O rio atingiu a marca de 26,28 metros, sendo que no mesmo dia em 2009 o rio registrou a marca 26,29 metros.

Os dados atuais do relatório hidrológico Serviço Geológico do Brasil (CPRM) revelam que o nível do rio está 3,21 metros acima que o mesmo período do ano passado.

Segundo o órgão, o nível do rio Negro está alto para esta época do ano sendo que o trimestre normal de águas altas, em Manaus, compreende os meses de maio, junho e julho. A alteração ocorre três anos depois da cheia que superou o recorde de 1953, quando o rio atingiu 29,69 metros.

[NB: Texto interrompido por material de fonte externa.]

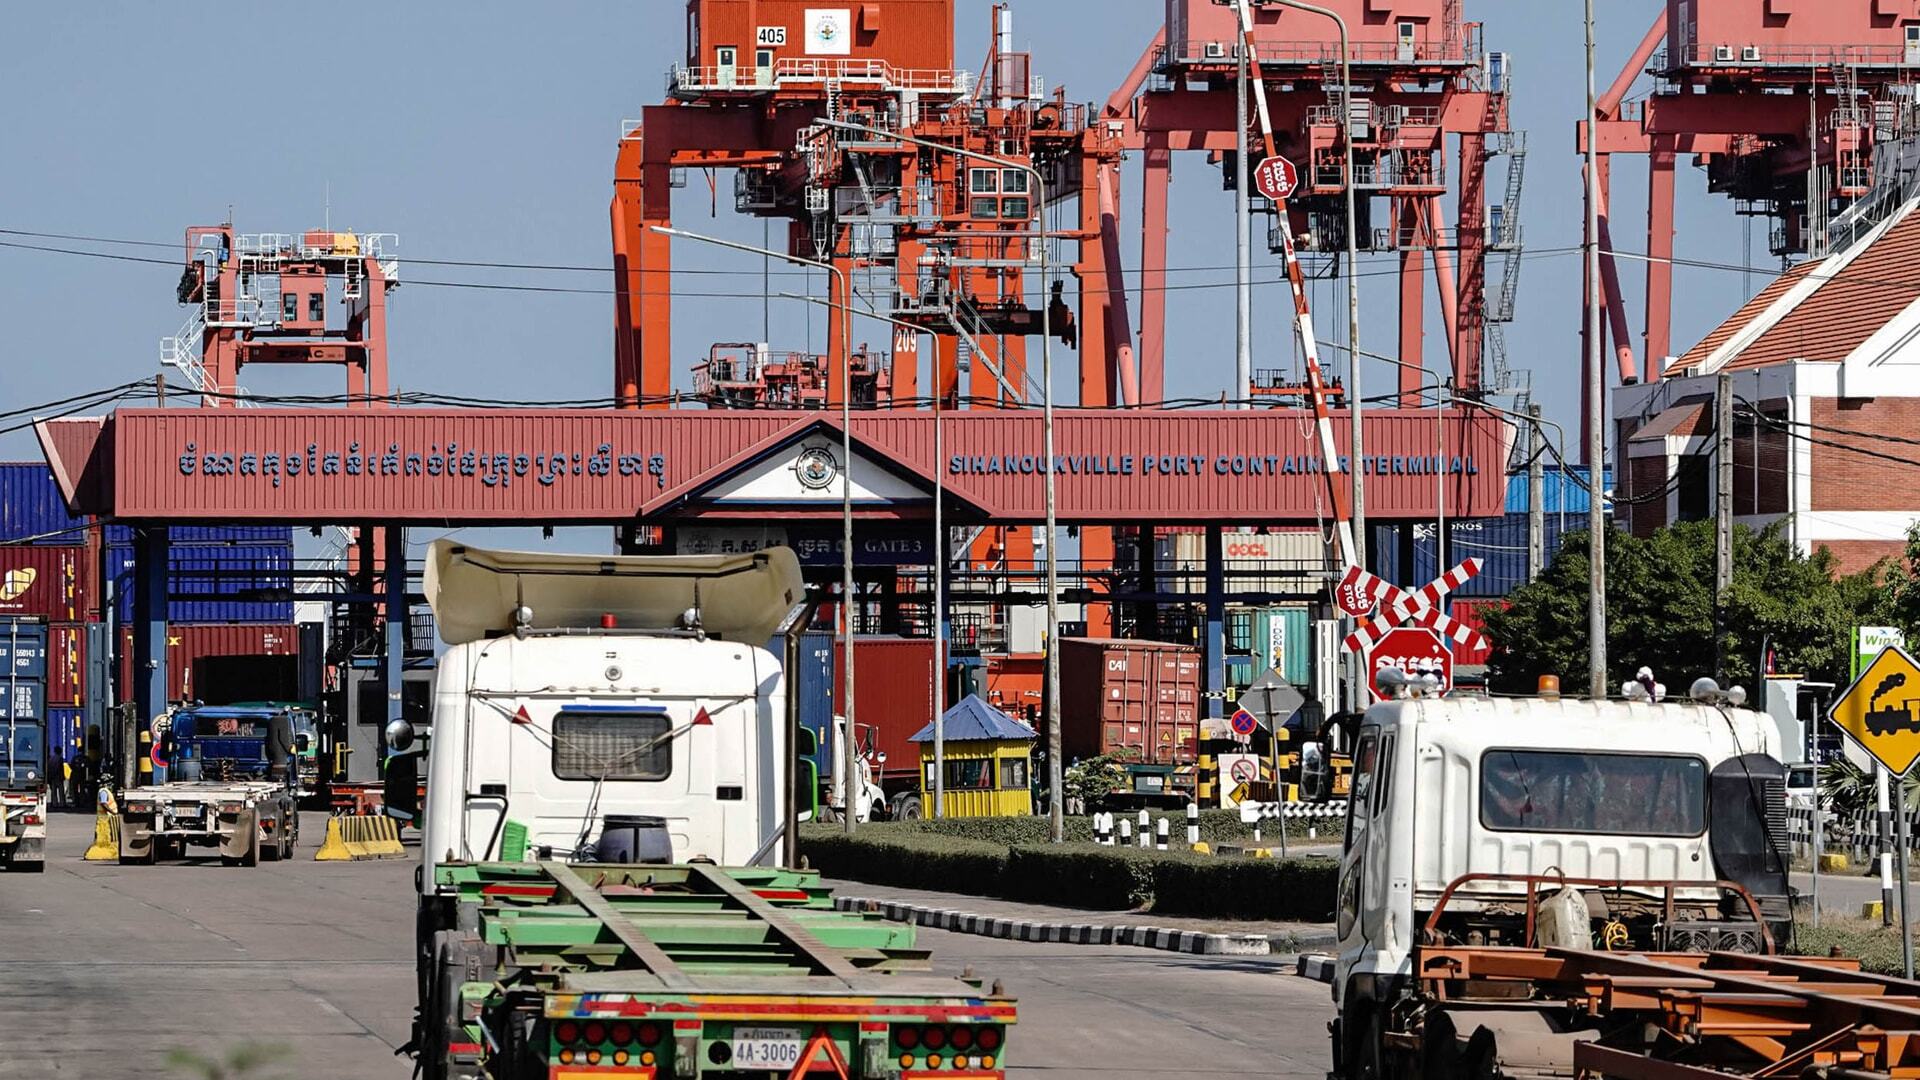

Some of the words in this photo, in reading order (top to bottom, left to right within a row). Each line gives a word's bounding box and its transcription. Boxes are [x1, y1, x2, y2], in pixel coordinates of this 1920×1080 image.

[759, 28, 784, 43] 405
[1263, 166, 1275, 192] STOP
[895, 327, 917, 353] 209
[949, 454, 1134, 475] SIHANOUKVILLE
[1142, 454, 1206, 475] PORT
[1214, 454, 1350, 476] CONTAINR
[1361, 454, 1478, 476] TERMINAL
[1428, 522, 1483, 531] CNOS
[864, 539, 909, 553] GATE
[912, 539, 923, 553] 3
[1227, 543, 1269, 557] OOCL
[123, 560, 135, 568] NY
[1343, 584, 1356, 610] STOP
[1108, 659, 1126, 671] CAI
[736, 1042, 798, 1062] 4A-3006

De acordo com o gerente de recursos hídricos do órgão, Daniel Oliveira, a alta do nível do rio Negro, em Manaus, é causada entre outros fatores, principalmente pelas chuvas que ocorrem em toda bacia amazônica. A precipitação pluviométrica, segundo ele, faz com que haja a subida das águas dos rios Purus, Juruá e Solimões.

Com este último mais alto há uma espécie de represamento do Negro, aumentando o volume de água e consequentemente resultando em uma cheia maior na Capital. Segundo Daniel, o volume de água do rio Solimões em Manacapuru - localizado a 84 quilômetros de Manaus -, por exemplo, é em torno de 103 mil metros cúbicos, sendo que no rio Negro é de 28,4 mil metros cúbicos, o que totaliza uma diferença de 74,6 mil.

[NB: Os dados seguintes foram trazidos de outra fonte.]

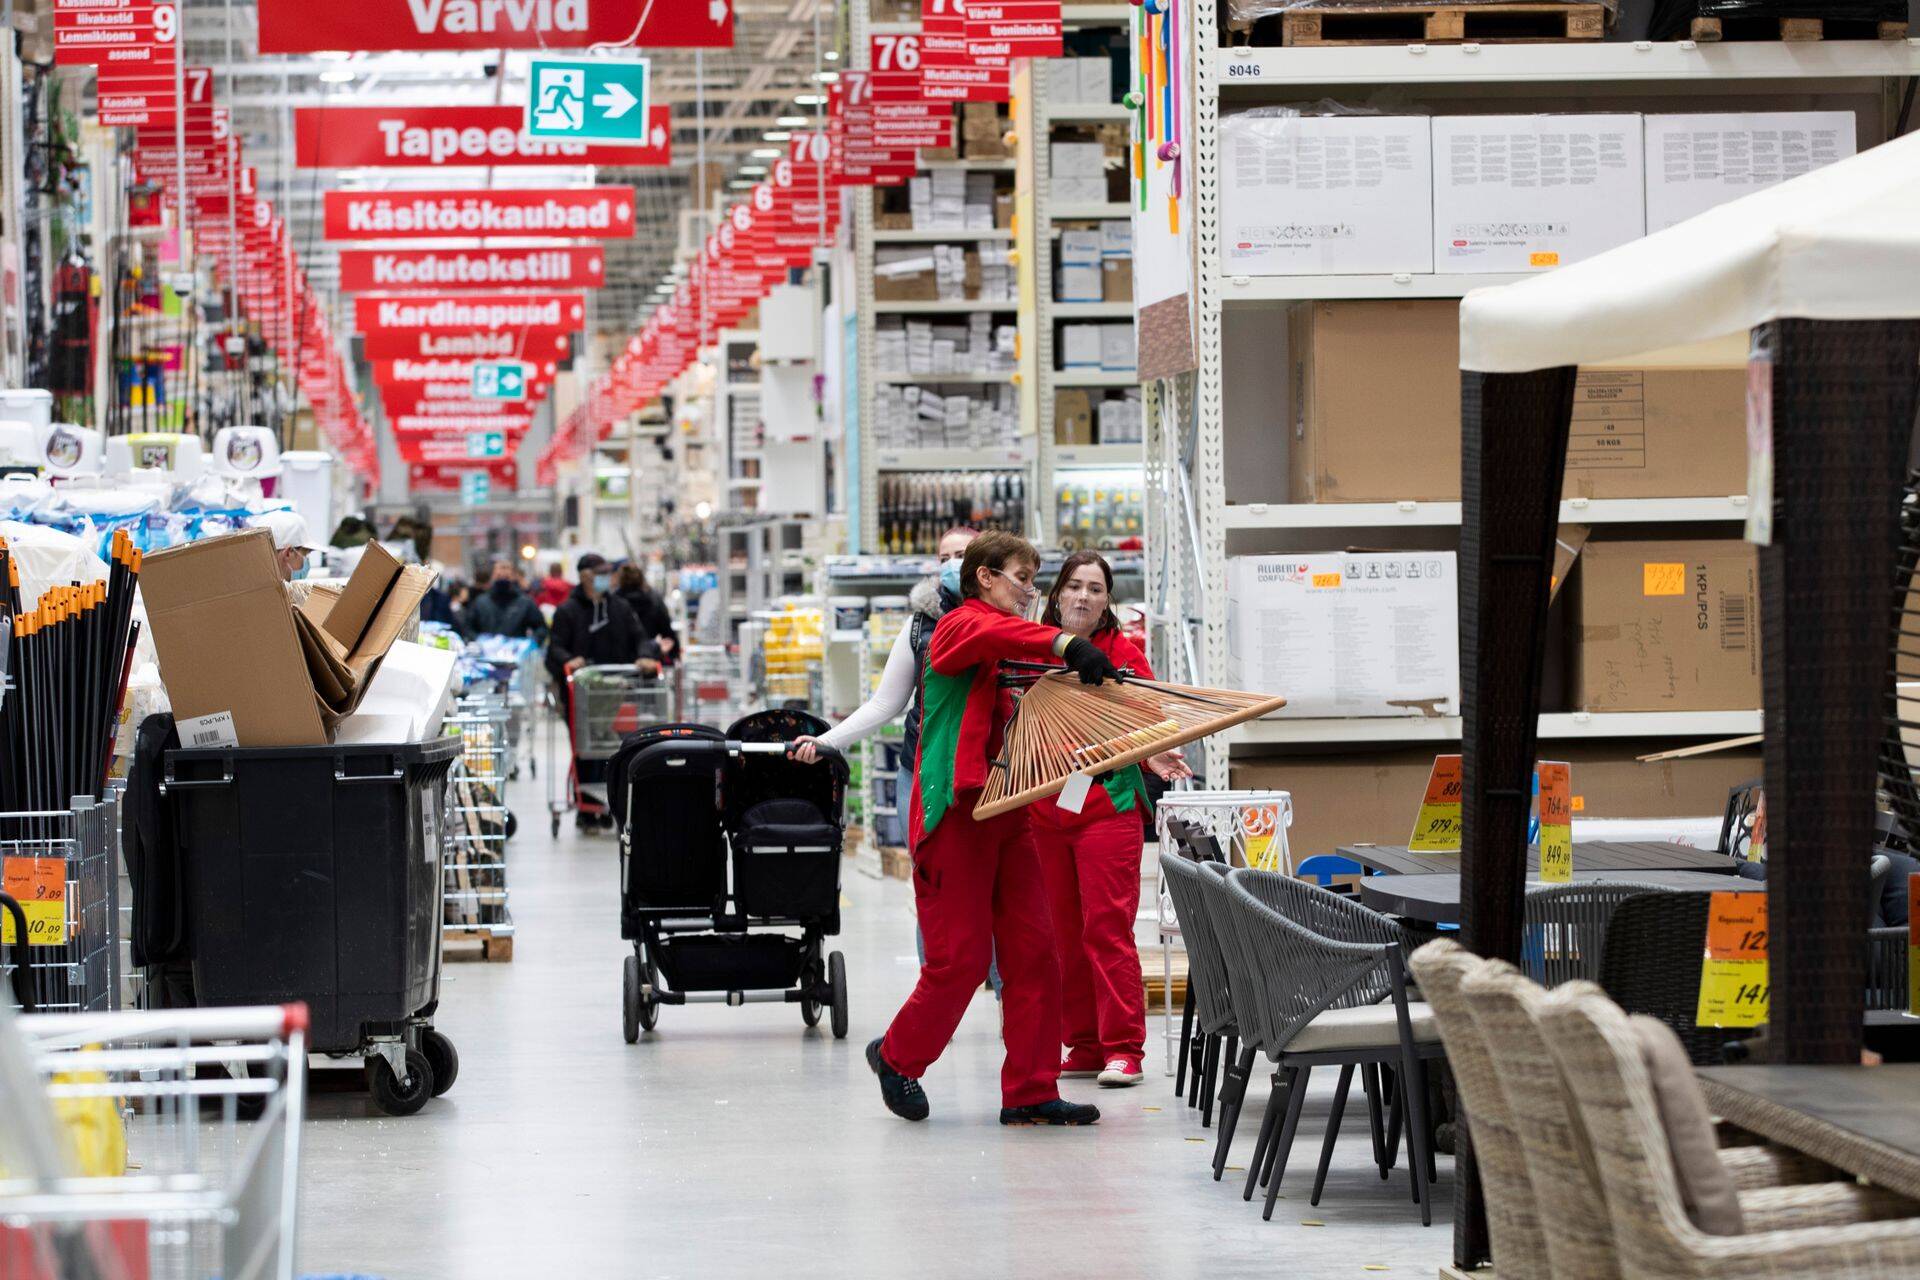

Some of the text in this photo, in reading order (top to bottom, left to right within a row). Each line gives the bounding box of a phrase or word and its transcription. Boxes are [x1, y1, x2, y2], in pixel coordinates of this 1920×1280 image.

“As águas do rio Solimões também são mais densas e fortes e funcionam como um muro que represa o rio Negro e impede que ele passe. Isso faz com que o Negro suba”, disse.

Estimativa
Apesar do nível do rio Negro estar praticamente igual ao registrado no ano maior cheia, o CPRM ressalta que ainda não é possível afirmar se a cheia deste ano será recorde ou atingirá os mesmos níveis registrados em 2009. Segundo ele, o CPRM só faz previsão de cheia para o Amazonas nos três alertas de cheia oficiais divulgados pelo órgão em datas especificas.

O primeiro alerta ocorre no dia 1º de março, o segundo no dia 30 de abril e o último no dia 31 de maio. Os três alertas são para adiantar o panorama e comportamento do rio para uma cheia que ocorre em meados em de junho. A perspectiva de uma nova cheia recorde, contudo, é reforçada pela subida anormal de outros rios da região, como o Acre, no Acre, e Juruá.

Marcass
A cota da maior cheia no rio Negro, em 110 anos, teveo o registro de 29,77 metros. Foi atingida no dia 1º de julho de 2009. A cheia superou o recorde de 1953, quando o rio atingiu 29,69 metros.

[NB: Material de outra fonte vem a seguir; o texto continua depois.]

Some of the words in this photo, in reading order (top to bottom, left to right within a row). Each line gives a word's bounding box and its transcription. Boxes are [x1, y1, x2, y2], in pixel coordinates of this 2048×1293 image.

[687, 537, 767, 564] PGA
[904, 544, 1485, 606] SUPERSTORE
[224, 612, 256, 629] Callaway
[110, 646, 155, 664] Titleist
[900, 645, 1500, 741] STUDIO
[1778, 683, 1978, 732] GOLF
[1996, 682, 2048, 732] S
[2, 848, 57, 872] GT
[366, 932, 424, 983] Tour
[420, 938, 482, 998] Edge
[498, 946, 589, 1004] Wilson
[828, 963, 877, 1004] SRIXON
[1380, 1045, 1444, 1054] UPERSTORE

Nessa sexta-feira (2), o rio Negro atingiu a marca de 28,28 metros, sendo que na mesma data, em 2009, o nível foi de 26,29 metros. O nível está 3,21 metros acima que a mesma data em 2011.

Alterações em outras calhas
A situação se repete também nas calhas dos rios do Solimões e Amazonas. Na calha do Solimões, em Tabatinga, por exemplo, o nível do rio está a 98 centímetros da cota de emergência na região.

No Careiro da Várzea, banhado pelo Amazonas, a medição realizada ontem apresentou níveis próximos aos registrados em 2009. Segundo o CPRM, os níveis estão de acordo com a cheia de 1999 que foi a maior cheia registrada nessa região.

Em 1999, a cota no dia 2 de março foi de 12,37 metros, a última medição feita na área no dia 29 de fevereiro marcou o nível de 12,12 metros, o que revela uma diferença de 25 centímetros. Na calha do Amazonas, em Parintins, o nível do rio também está próximo do valor registrado na mesma data do ano 2009.

Já na calha do Juruá, em Gavião (Carauari), faltam apenas 36 centímetros para o nível do rio atingir a cota de emergência.

Observações
Segundo o CPRM, o monitoramento e estudos históricos feitos pelo órgão ao longo de 110 anos demonstram que 76% das cheias na capital ocorreram em julho, 18% em junho e apenas 6% em maio. Apesar da incidência de cheias apresentar um quantitativo maior no mês julho, o gerente de recursos hídricos do órgão, Daniel Oliveira, explica que a subida dos rio pode ser antecipada por conta de alterações climáticas.

“Tudo depende do comportamento do rio. Assim como a cheia costuma acontecer no mês junho, se houver alguma alteração a cheia pode ser antecipada”, disse.

De acordo com o gerente, embora os alertas de cheia do CPRM sejam focados no Amazonas, este ano o órgão deve começar a fazer o mesmo serviço também para a cidade de Rio Branco, no Acre e para o o município de Boa Vista em Roraima (monitoramento do rio Branco).